### TASK BRIEF
Write out the data word for word and omit every picture.

Dataset entries
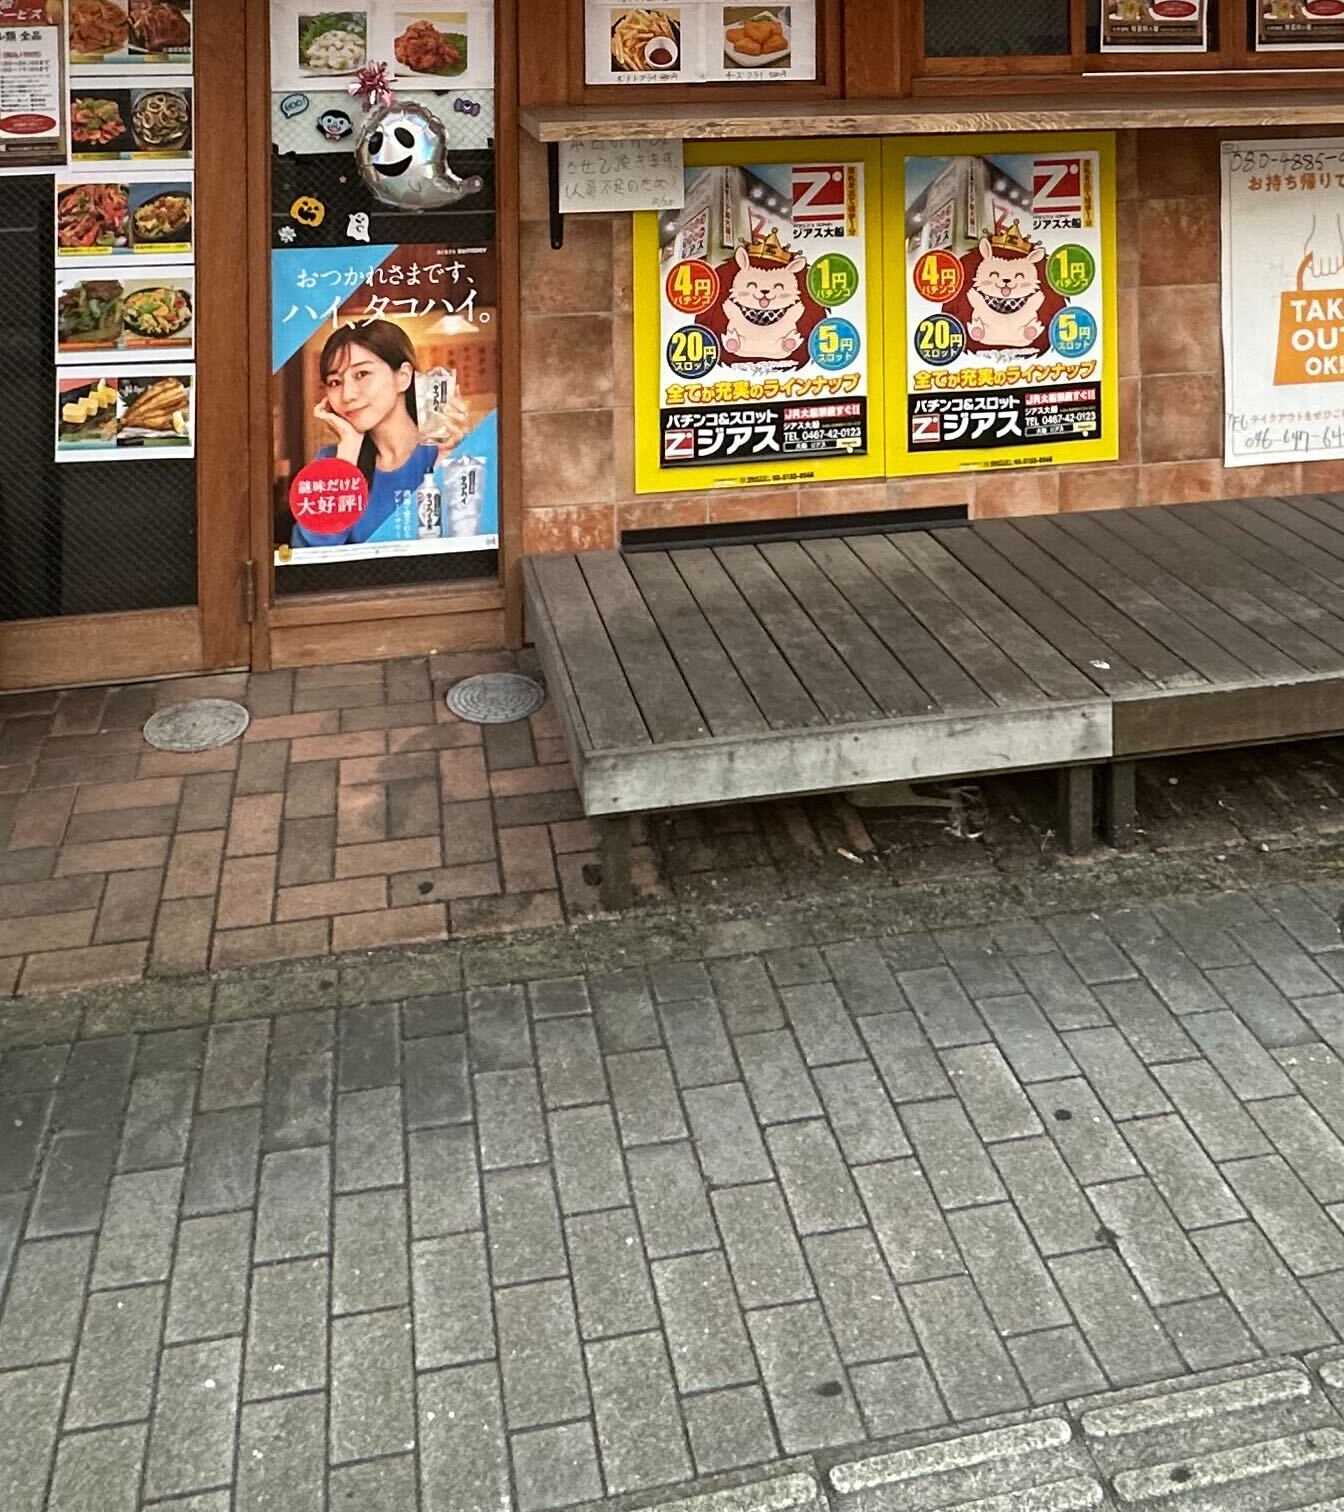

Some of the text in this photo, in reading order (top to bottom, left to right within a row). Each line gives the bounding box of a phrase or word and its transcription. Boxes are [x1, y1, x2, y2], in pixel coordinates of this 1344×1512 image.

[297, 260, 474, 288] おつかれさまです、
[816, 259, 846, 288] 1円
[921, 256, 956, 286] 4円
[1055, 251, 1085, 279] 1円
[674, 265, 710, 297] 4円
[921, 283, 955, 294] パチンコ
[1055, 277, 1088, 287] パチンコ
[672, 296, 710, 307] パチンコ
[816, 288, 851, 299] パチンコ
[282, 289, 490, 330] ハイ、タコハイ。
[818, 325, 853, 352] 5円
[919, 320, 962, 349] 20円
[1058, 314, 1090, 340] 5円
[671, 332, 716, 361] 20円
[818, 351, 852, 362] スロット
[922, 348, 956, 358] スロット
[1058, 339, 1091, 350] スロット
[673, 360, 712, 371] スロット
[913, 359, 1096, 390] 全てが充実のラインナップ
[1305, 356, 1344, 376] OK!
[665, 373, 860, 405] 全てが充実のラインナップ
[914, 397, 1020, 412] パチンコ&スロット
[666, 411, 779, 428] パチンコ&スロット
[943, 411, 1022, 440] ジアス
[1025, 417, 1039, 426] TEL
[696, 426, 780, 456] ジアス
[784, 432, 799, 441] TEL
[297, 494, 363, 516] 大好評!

### RESPONSE
Some of the text in this photo, in reading order (top to bottom, left to right within a row). Each line gives the bounding box of a phrase or word and its transcription. Boxes are [x1, y1, x2, y2], in pixel coordinates of this 1344×1512 image.

[297, 260, 474, 288] おつかれさまです、
[816, 259, 846, 288] 1円
[921, 256, 956, 286] 4円
[1055, 251, 1085, 279] 1円
[674, 265, 710, 297] 4円
[921, 283, 955, 294] パチンコ
[1055, 277, 1088, 287] パチンコ
[672, 296, 710, 307] パチンコ
[816, 288, 851, 299] パチンコ
[282, 289, 490, 330] ハイ、タコハイ。
[818, 325, 853, 352] 5円
[919, 320, 962, 349] 20円
[1058, 314, 1090, 340] 5円
[671, 332, 716, 361] 20円
[818, 351, 852, 362] スロット
[922, 348, 956, 358] スロット
[1058, 339, 1091, 350] スロット
[673, 360, 712, 371] スロット
[913, 359, 1096, 390] 全てが充実のラインナップ
[1305, 356, 1344, 376] OK!
[665, 373, 860, 405] 全てが充実のラインナップ
[914, 397, 1020, 412] パチンコ&スロット
[666, 411, 779, 428] パチンコ&スロット
[943, 411, 1022, 440] ジアス
[1025, 417, 1039, 426] TEL
[696, 426, 780, 456] ジアス
[784, 432, 799, 441] TEL
[297, 494, 363, 516] 大好評!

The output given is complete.